Before her wedding plans in 2009, Floral Okon was unaware of what Human Immunodeficiency Virus (HIV) was. Hence as part of the church pre-wedding requirements, she gladly went with her fiancé for an HIV test in a health facility.
“As part of the pre-wedding requirement in my church, my fiancé and I were required to conduct HIV screening.
I recall exclaiming wonderful when told at the health facility that my result was positive because I thought positive was a good result,” she recounted.
An unfortunate fallout of her HIV-positive status was that Flora could not go ahead with her wedding as planned, because her fiancé who turned out negative called it off.
On the bright side, Flora has since been on anti-retroviral drugs. With suppressed viral load (undetectable HIV Virus), Flora is now married and with HIV-negative children.
HIV is a virus that attacks the body’s immune system and if not treated, can lead to AIDS (acquired immune deficiency syndrome). Once people get HIV, they have it for life. But with proper medical care, HIV can be controlled.
Mrs Okon, a volunteer at a health clinic, recalled that at the initial stage, taking time off work to get to the health facility for medical care and to pick up her drugs was cumbersome, but thanks to the government-introduced Differentiated Service Delivery for HIV Treatment (DSD ART), access to HIV care has become much easier.
“I am enrolled in a facility-based DSD ART. The model is a perfect place for me to receive care as services are provided specifically to my needs and I see the doctor once in six months and pick up drugs as prescribed.
Nigeria adopted the DSD policy in 2019 and with the collaboration of all stakeholders; PEPFAR, Global Fund, Network of people living with HIV, implementing partners, civil society organization and private sector, eight health facilities and six community-based DSD ART models are currently being implemented across the country.
The DSD model is a client-centred approach that simplifies and adapts HIV services to reflect the preferences and expectations of various groups of people living with HIV (PLHIV) while reducing unnecessary burdens on the health system.
“The adoption of DSD in this facility has helped reduce the workload, “from attending to about 70 clients per day to between 4 to 5 clients per day, Dr Cheta Otodile, the ART Coordinator HIV/AIDS resource centre in Rivers State said.
Dr Otodile noted that the strategy has allowed the health facility to move away from the “one size fits all” model, to tailored HIV services to serve the diverse group of PLHIV who seek treatment in the facility.

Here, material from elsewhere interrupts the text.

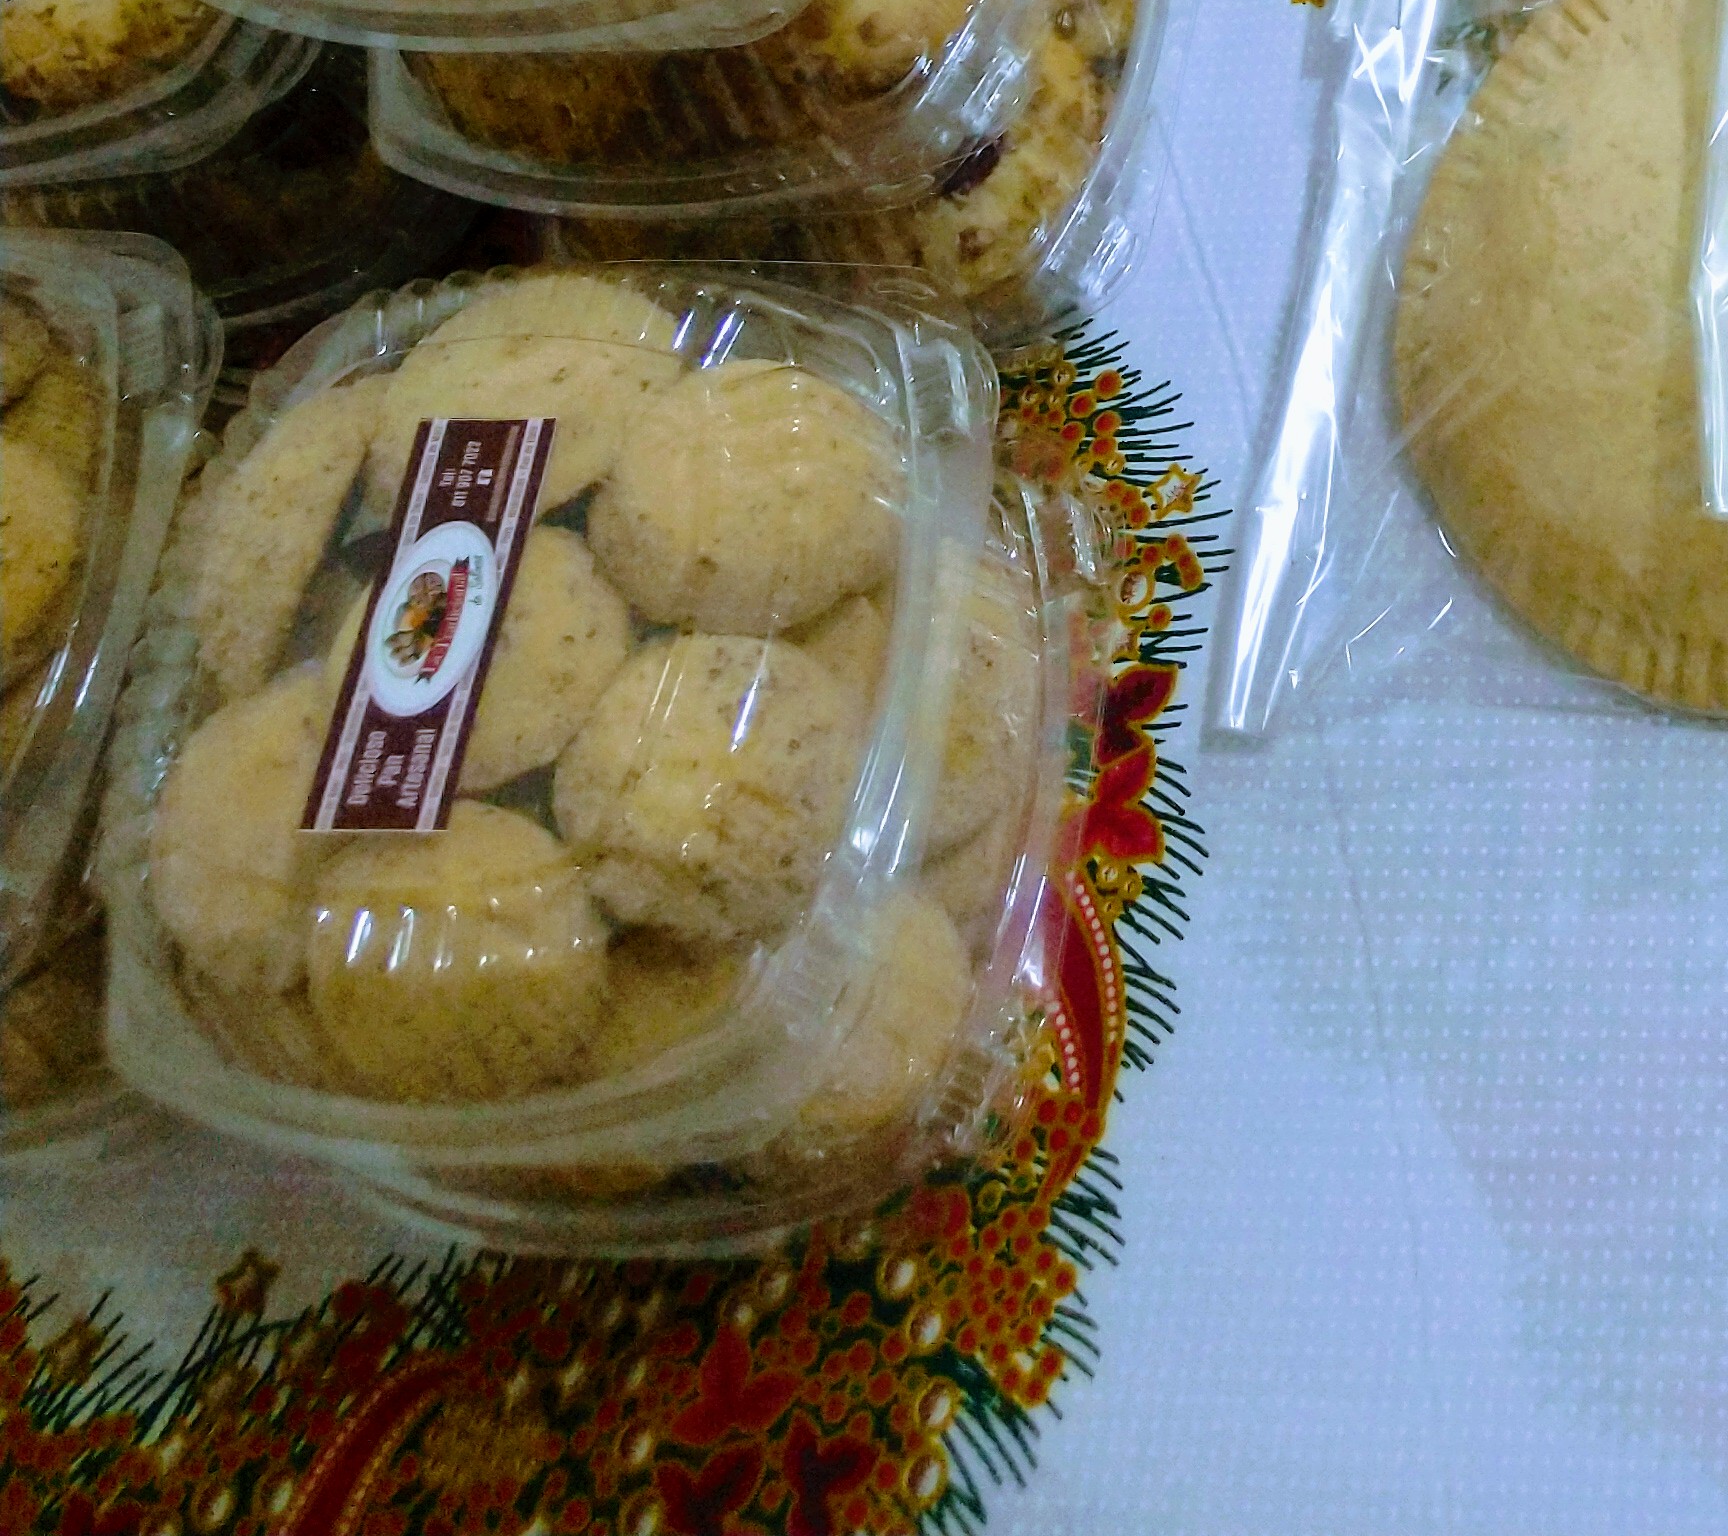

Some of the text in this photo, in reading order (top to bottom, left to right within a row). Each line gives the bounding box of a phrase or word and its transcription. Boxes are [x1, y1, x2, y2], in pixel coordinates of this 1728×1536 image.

[346, 729, 389, 806] Delicioso
[377, 754, 405, 787] Pan
[396, 727, 437, 810] Artesanal

“We now offer more intensive service delivery for people starting newly on HIV treatment, PLHIV with opportunistic infections and other illnesses, people who need follow-ups and others.
Meanwhile, stable clients based on their preference could choose a facility or community-based DSD model to receive their drugs,” she explained.
The community-DSD model entails that stable clients can get drugs delivered to their homes or pick up from identified community pharmacies.
To Dr Otodile, the community model has helped to ensure clients in riverine hard-to-reach locations have access to Anti-retroviral Drugs.
“These clients are referred back to the facility when they have complaints or other health needs”.
In his contribution, Dr Clement Adesigbin, the head of the treatment component of the National AIDS and STIs Control Programme (NASCP) said, “DSD has played a significant role in tailoring HIV service delivery to meet the needs of PLHIV and relieving the burden on the health systems.” The all-inclusive support of all stakeholders.
WHO provides technical guidance to the government of Nigeria on DSD implementation. “With over 90% of diagnosed PLHIV placed on treatment, Nigeria is near achieving epidemic control,” WHO Country Representative, Dr Walter Kazadi Mulombo mentioned.
Dr Mulombo reiterates that the integration of DSD into primary health care (PHC) services and communities brings services closer to those needing the services and is a path towards achieving Universal Health Coverage (UHC)”. He called all Nigerians to know their HIV status by getting tested in order to end HIV/AIDS epidemic as a public health threat by 2030.